In the second scenario, the sensor was treated as a recording tool, simply tracking movements over a period of time and storing that data to be downloaded later by a caregiver. In the third scenario, information was transmitted to a PDA and then sent on to a remote location, such as a caregiver's server, via the Internet. This not only provided the caregiver with real-time details regarding the patient's status, it could also send an alert if that individual fell and then failed to get back to his or her feet. If a patient were to fall and not stand up, the software in the sensor unit would send an alert to the PDA, which would then pass that alert on to a server, either via Bluetooth or ZigBee.
The wireless transmission portion of the trial was conducted on approximately 20 elderly individuals at the University of Groningen in the Netherlands, at the Robert-Bosch-Krankenhaus research hospital in Germany, and at the Tel-Aviv Sourasky Medical Center in Israel.
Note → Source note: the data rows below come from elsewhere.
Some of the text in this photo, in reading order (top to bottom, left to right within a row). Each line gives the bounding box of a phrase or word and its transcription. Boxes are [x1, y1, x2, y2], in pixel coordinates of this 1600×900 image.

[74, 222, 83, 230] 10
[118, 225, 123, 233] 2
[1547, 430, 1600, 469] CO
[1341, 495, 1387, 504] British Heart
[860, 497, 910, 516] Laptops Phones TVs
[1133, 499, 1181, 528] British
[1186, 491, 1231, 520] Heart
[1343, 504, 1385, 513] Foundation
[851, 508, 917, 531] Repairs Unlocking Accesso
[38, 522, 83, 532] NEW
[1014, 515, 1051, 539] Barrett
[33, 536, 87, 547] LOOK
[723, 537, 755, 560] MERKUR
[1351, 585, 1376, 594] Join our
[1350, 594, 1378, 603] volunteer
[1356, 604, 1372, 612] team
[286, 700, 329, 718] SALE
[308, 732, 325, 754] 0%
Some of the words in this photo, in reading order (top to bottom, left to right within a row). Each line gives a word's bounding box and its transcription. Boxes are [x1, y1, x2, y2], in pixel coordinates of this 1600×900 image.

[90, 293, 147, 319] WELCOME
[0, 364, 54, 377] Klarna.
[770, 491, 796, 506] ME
Some pilot participants were in a hospital setting, while others took the devices home and were monitored via the wireless communication technology.
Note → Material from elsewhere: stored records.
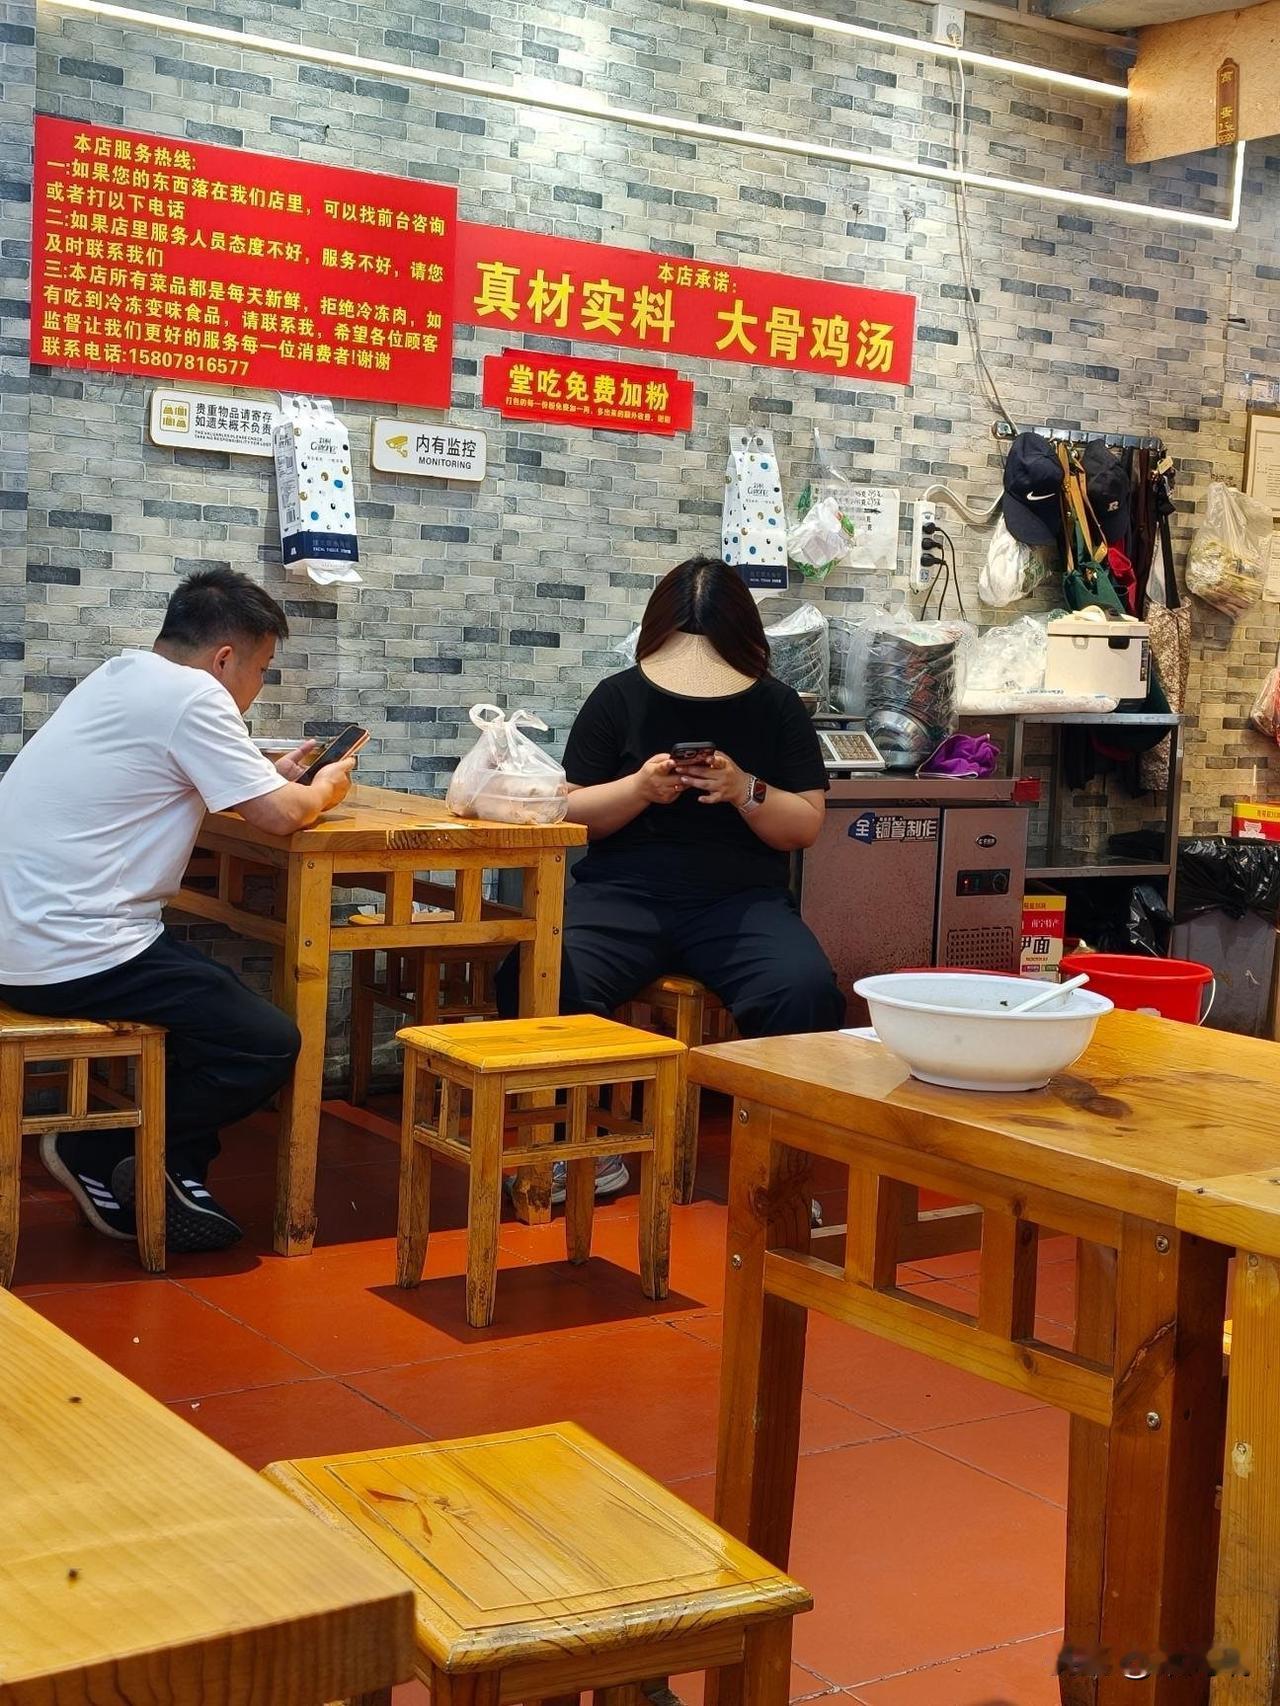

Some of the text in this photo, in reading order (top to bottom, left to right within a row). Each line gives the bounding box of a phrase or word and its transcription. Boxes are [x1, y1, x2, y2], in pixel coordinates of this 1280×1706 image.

[73, 133, 196, 170] 本店服务热线:
[46, 181, 185, 220] 或者打以下电话
[44, 232, 164, 268] 及时联系我们
[657, 262, 737, 293] 本店承诺:
[473, 261, 895, 373] 真材实料 大骨鸡汤
[41, 335, 250, 377] 联系电话:15807816577
[509, 363, 670, 412] 堂吃免费加粉
[194, 416, 271, 436] 如遗失概不负责
[195, 402, 273, 423] 贵重物品请寄存
[416, 433, 477, 458] 内有监控
[418, 456, 472, 470] MONITORING
Users were enthusiastic about the system, Chiari says. There were about 30 falls during that time, he notes, which were detected by the system and properly transmitted to the appropriate caregivers. Since the pilot's conclusion, Chiari adds, researchers have been studying the results, which show that the system works properly and is ready for broader use. "It's our belief that these kinds of tools offer an advantage. Even the users themselves offered very positive feedback; they recognized that it was a support, and not a cumbersome technology," he says, indicating that the small form factor made the sensor easy to wear and to use. "We are now looking to do a larger clinical study," he states, in Europe, North America or both.
If the group can conduct a larger pilot and obtain the interest of commercial technology providers, Chiari indicates, the system could offer the health-care industry the ability to provide tele-rehabilitation (training and physical therapy), tele-monitoring (storing data regarding a wearer's movements) and tele-care (sending fall data to caregivers). In this way, he says, a caregiver would not be solely reliant on the personal recollections of patients (or their family members) regarding the types of activities that were done, the kinds of falls that may have occurred and whether a patient's movements have been hindered by an injury or illness.
The researchers estimate that the remote monitoring system would cost around €25 ($35) weekly for each patient if used for 20 weeks, since a unit combining the sensors and transmitter would retail for approximately €2,500.